Ophelie Meunier, whose report was broadcast on the M6 channel, has been under police protection since the broadcast of her report on the M6 channel on radical Islam, notably in the northern town of Roubaix, outside Lille.
The probe was opened by prosecutors in Nanterre outside Paris.
A local Roubaix man, Amine Elbahi, who denounced the rise of radical Islam in the area in the programme was also placed under police protection.
The programme contained images including a shop in Roubaix which sold dolls with faces removed, with the shopkeeper saying was not allowed to show the image of a face in Islam.

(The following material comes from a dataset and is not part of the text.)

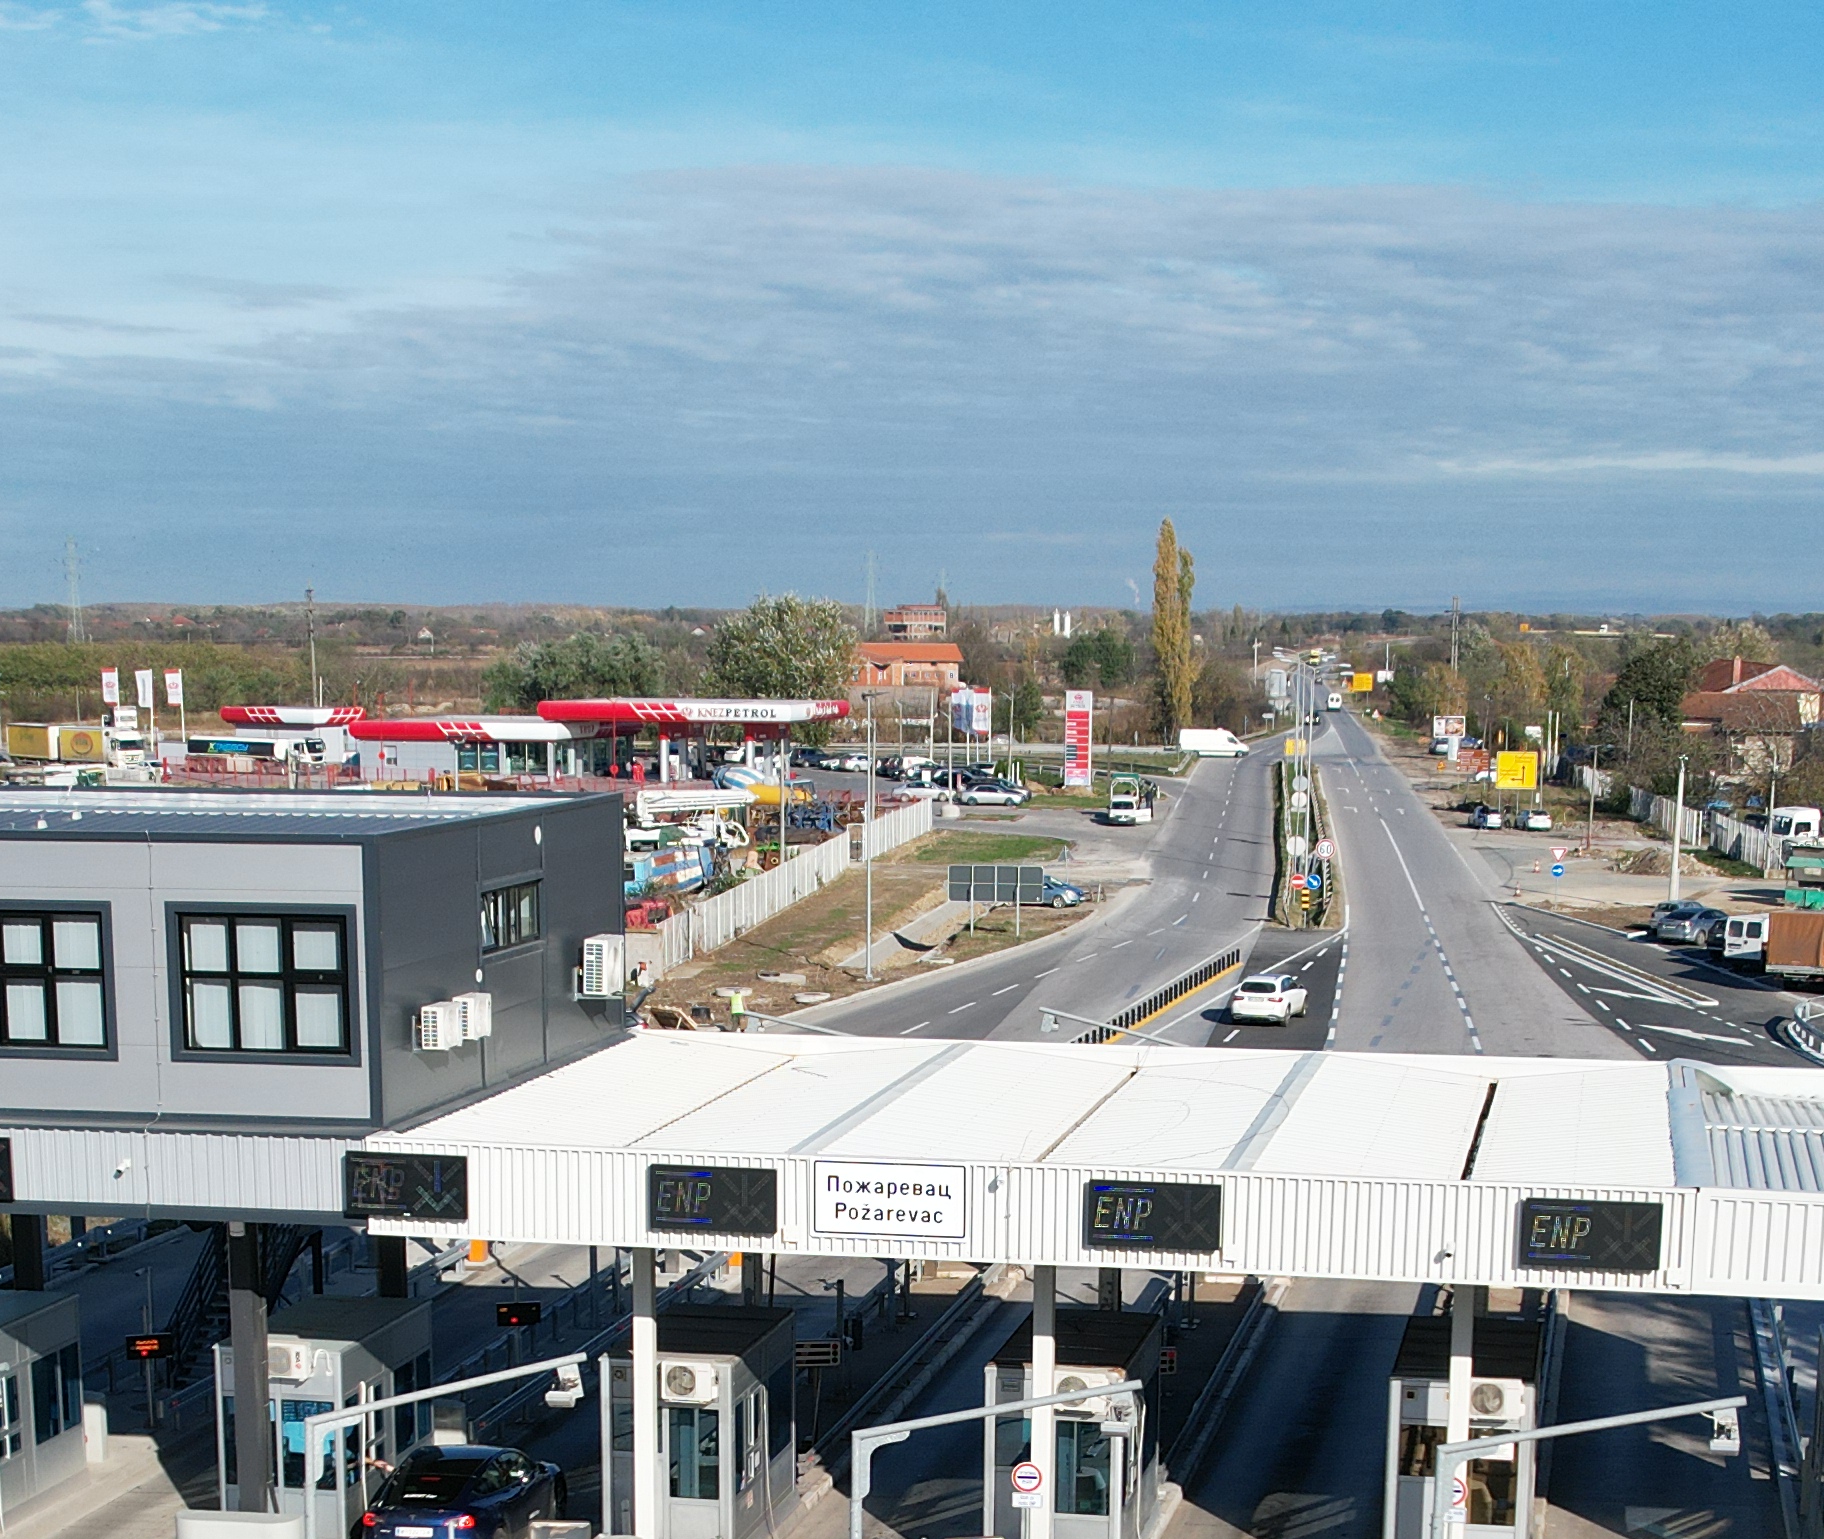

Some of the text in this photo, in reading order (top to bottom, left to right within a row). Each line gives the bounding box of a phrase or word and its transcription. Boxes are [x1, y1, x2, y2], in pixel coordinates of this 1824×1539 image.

It also showed a private school in Marseille where veiled girls were separated from boys.
The controversy over the report has fed into the French presidential election campaign where far-right candidates such as Marine Le Pen and above all Eric Zemmour have adopted strident rhetoric against Islam.
But President Emmanuel Macron has also toughened policies against radical Islamism in the country, which saw a spate of deadly attacks blamed on Islamist radicals in late 2020 following a wave of massacres claimed by jihadists in 2015.
The issue is hugely explosive in the country whose secularism is a cornerstone of its identity but which also has a large Muslim minority.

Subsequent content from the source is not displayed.